> [Your instructions]: A faithful copy of the data is the goal; set it down exactly, without the images.

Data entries
━━━

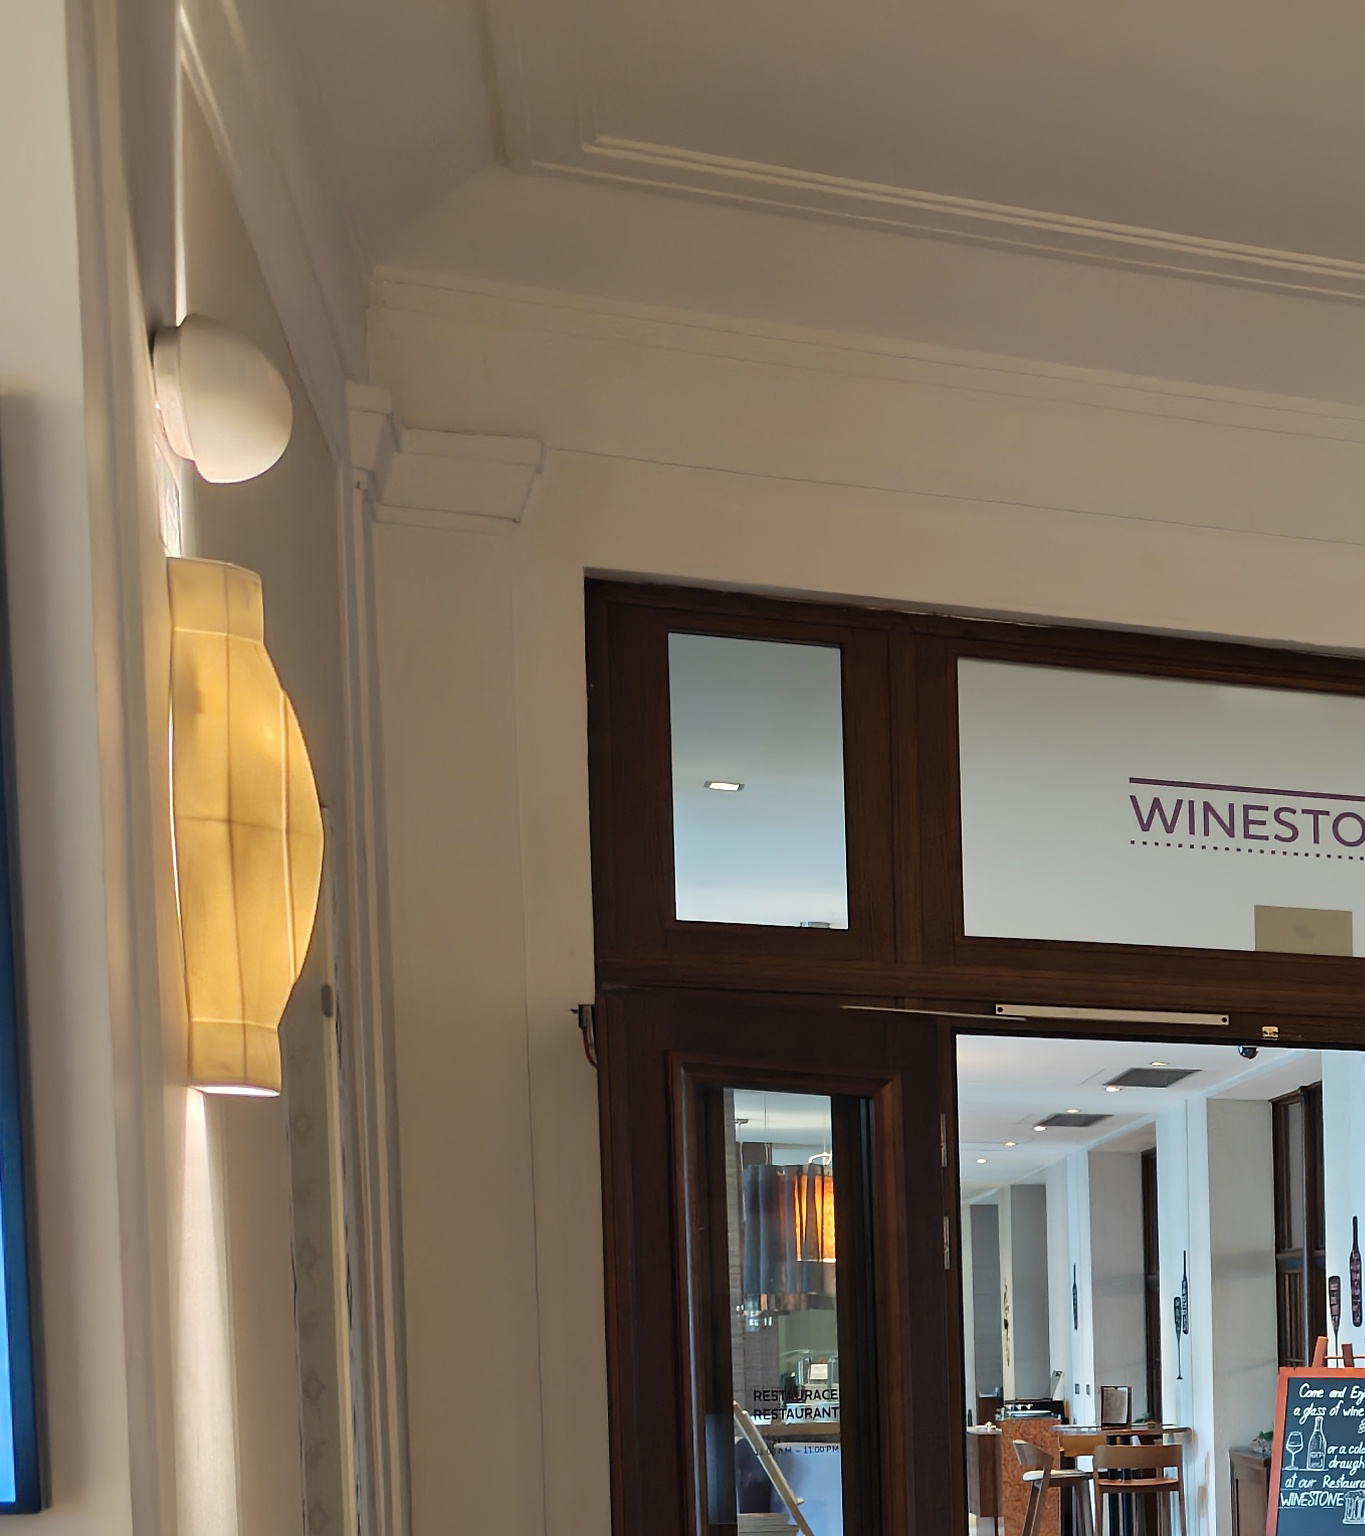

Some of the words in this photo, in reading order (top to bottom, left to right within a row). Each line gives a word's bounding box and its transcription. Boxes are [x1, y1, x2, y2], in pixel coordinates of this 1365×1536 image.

[1299, 1382, 1324, 1399] Come
[1329, 1386, 1346, 1398] and
[754, 1406, 840, 1421] RESTAURANT
[1293, 1407, 1301, 1416] a
[1299, 1403, 1327, 1424] glass
[1329, 1400, 1344, 1416] of
[1343, 1405, 1365, 1417] wine
[1339, 1445, 1347, 1454] a
[1285, 1475, 1298, 1489] at
[1299, 1478, 1317, 1488] our
[1280, 1490, 1345, 1507] WINESTONE
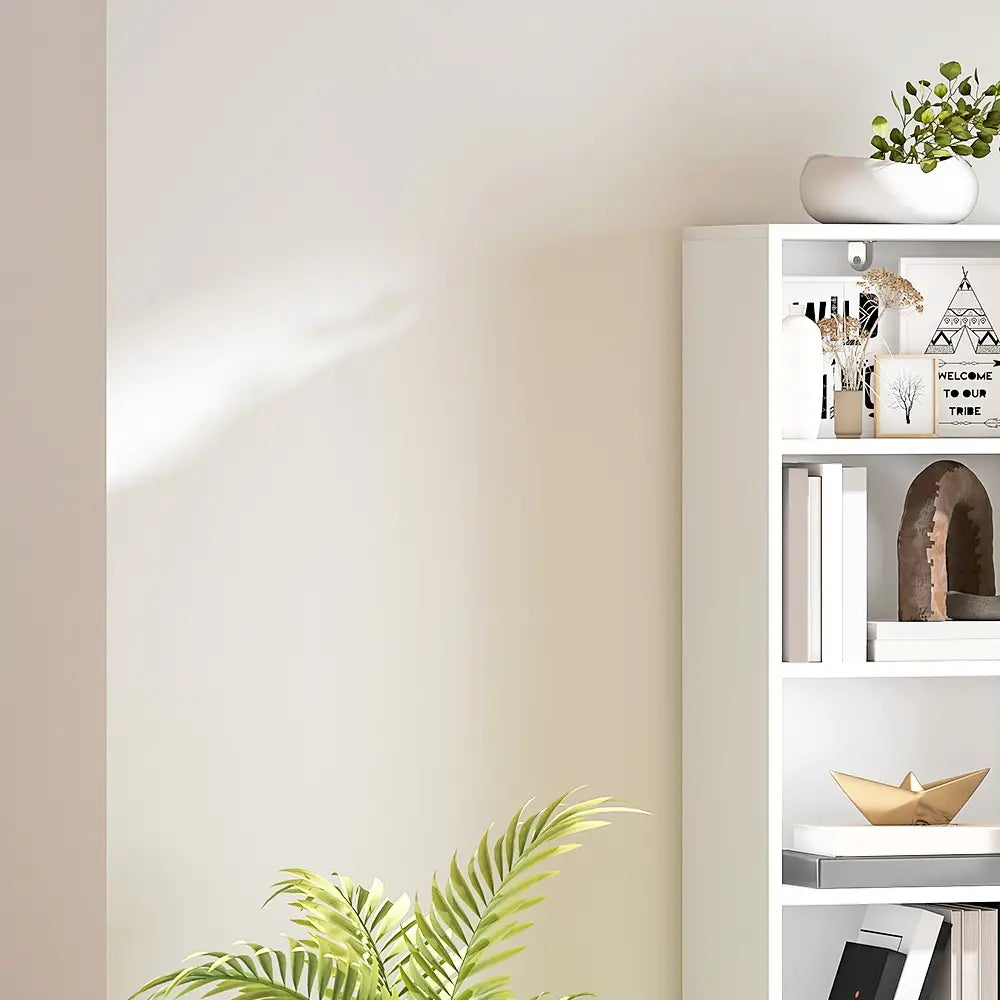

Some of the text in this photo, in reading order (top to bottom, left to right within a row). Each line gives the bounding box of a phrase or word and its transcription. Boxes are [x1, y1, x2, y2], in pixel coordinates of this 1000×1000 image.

[938, 371, 993, 381] WELCOME
[943, 389, 987, 398] TO OUR
[949, 406, 982, 416] TRIBE
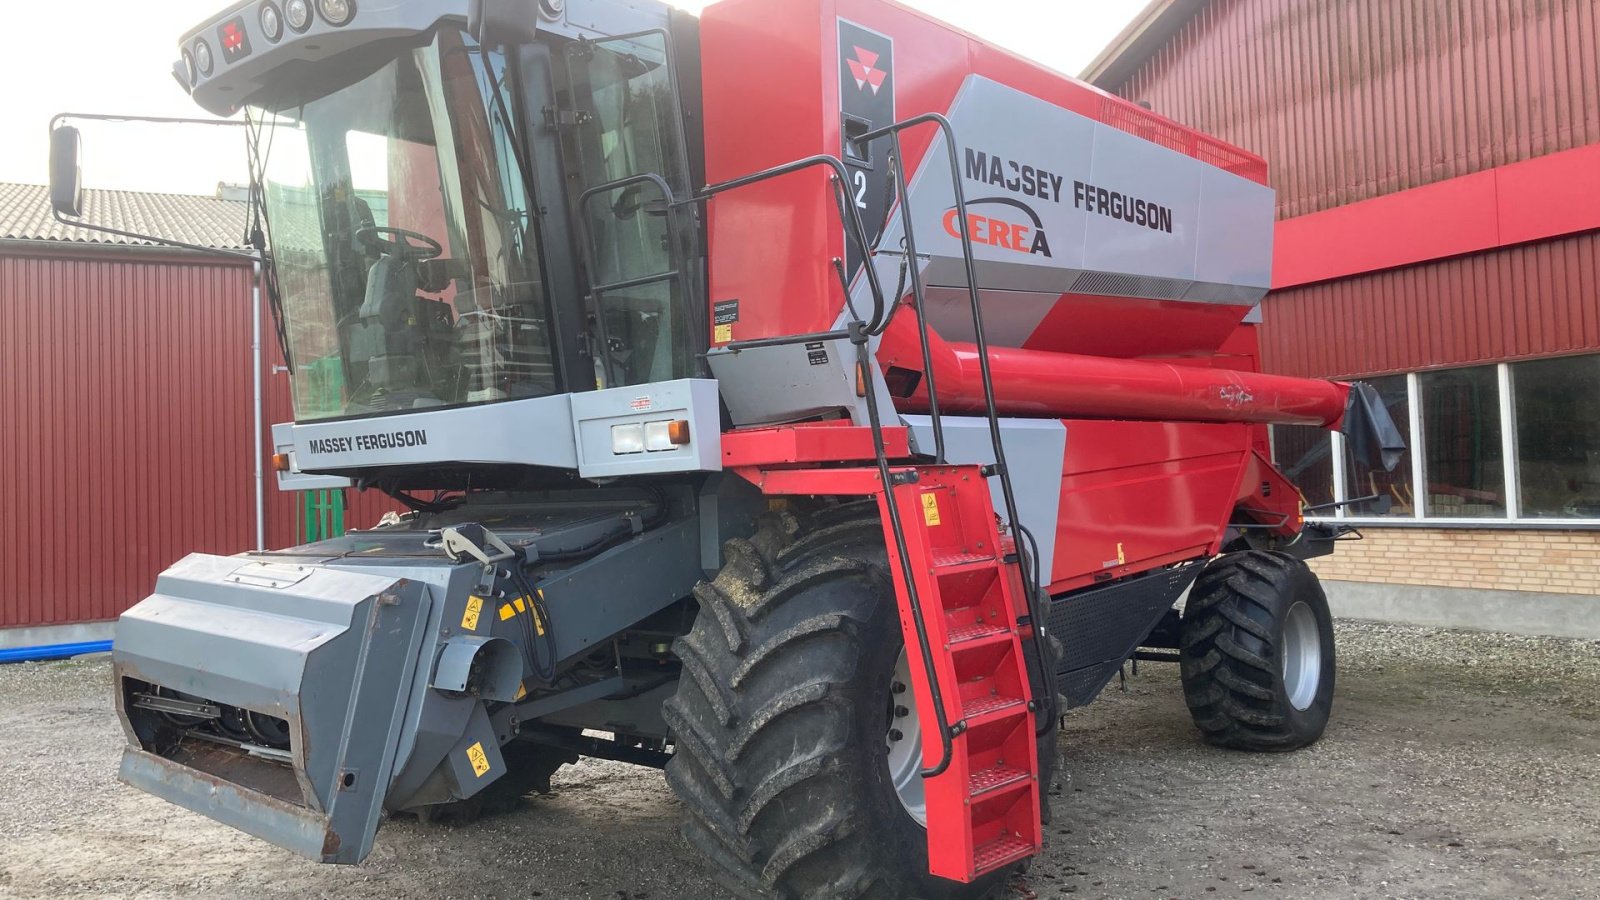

━━━

> [Expected answer]:
Some of the words in this photo, in reading order (top to bottom, left to right within a row). Each line gives a word's bounding box and its transcription. Boxes are [x1, y1, x2, y2], in pixel coordinates of this 1365×1536 image.

[1299, 1382, 1324, 1399] Come
[1329, 1386, 1346, 1398] and
[754, 1406, 840, 1421] RESTAURANT
[1293, 1407, 1301, 1416] a
[1299, 1403, 1327, 1424] glass
[1329, 1400, 1344, 1416] of
[1343, 1405, 1365, 1417] wine
[1339, 1445, 1347, 1454] a
[1285, 1475, 1298, 1489] at
[1299, 1478, 1317, 1488] our
[1280, 1490, 1345, 1507] WINESTONE

Some of the text in this photo, in reading order (top to bottom, left to right within a row). Each line gives the bounding box of a phrase or word and its transcription. Boxes are [x1, y1, x2, y2], in pixel coordinates of this 1000×1000 image.

[938, 371, 993, 381] WELCOME
[943, 389, 987, 398] TO OUR
[949, 406, 982, 416] TRIBE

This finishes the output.